:: Records supplied ::

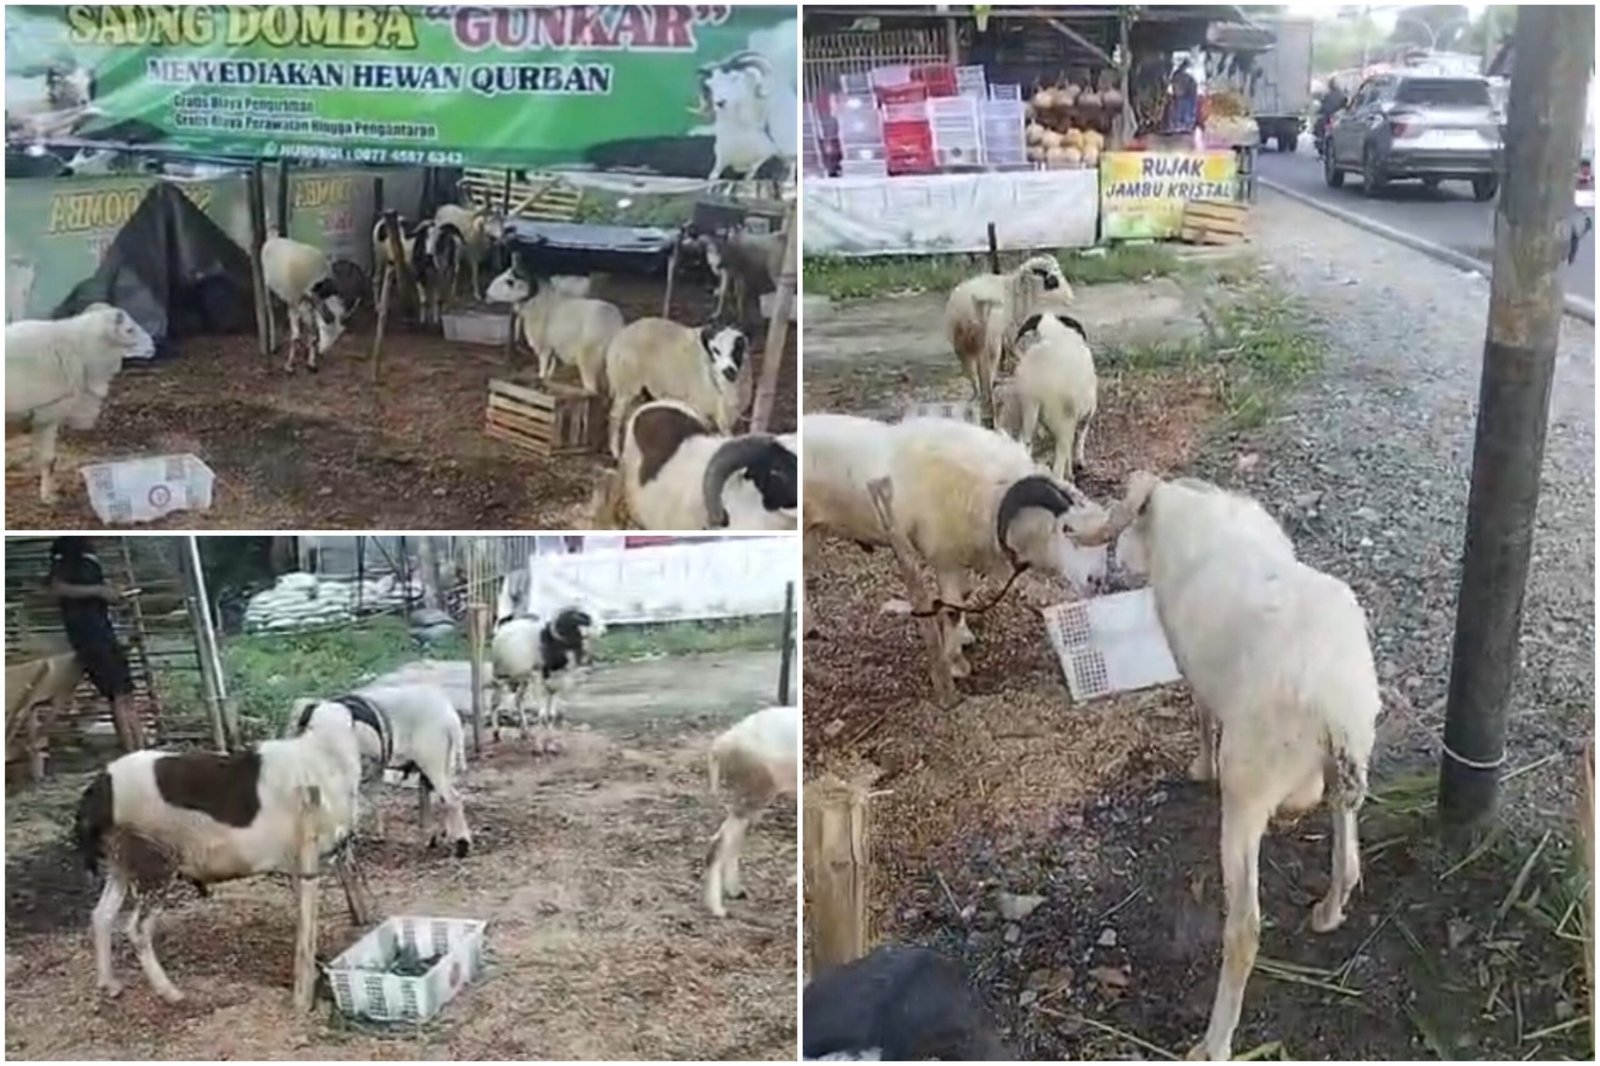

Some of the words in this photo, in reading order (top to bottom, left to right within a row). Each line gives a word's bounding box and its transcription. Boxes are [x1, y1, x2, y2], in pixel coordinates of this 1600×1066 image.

[69, 5, 214, 46] SAUNG
[226, 5, 418, 48] DOMBA
[148, 59, 344, 87] MENYEDIAKAN
[352, 64, 462, 89] HEWAN
[471, 65, 610, 93] QURBAN
[174, 94, 208, 108] Gratis
[211, 96, 242, 111] Biaya
[175, 113, 208, 127] Gratis
[245, 116, 309, 132] Perawatan
[311, 120, 351, 136] Hingga
[355, 121, 436, 138] Pengantaran
[1142, 157, 1204, 177] RUJAK
[1106, 181, 1163, 199] JAMBU
[1167, 182, 1231, 199] KRISTAL

:::

→ **Task instructions**
When copying the entries, drop the images and keep every line exact.

→ **Solution for this problem**
Some of the words in this photo, in reading order (top to bottom, left to right within a row). Each line gives a word's bounding box and its transcription. Boxes are [x1, y1, x2, y2], in pixel coordinates of this 1600×1066 image.

[69, 5, 214, 46] SAUNG
[226, 5, 418, 48] DOMBA
[148, 59, 344, 87] MENYEDIAKAN
[352, 64, 462, 89] HEWAN
[471, 65, 610, 93] QURBAN
[174, 94, 208, 108] Gratis
[211, 96, 242, 111] Biaya
[175, 113, 208, 127] Gratis
[245, 116, 309, 132] Perawatan
[311, 120, 351, 136] Hingga
[355, 121, 436, 138] Pengantaran
[1142, 157, 1204, 177] RUJAK
[1106, 181, 1163, 199] JAMBU
[1167, 182, 1231, 199] KRISTAL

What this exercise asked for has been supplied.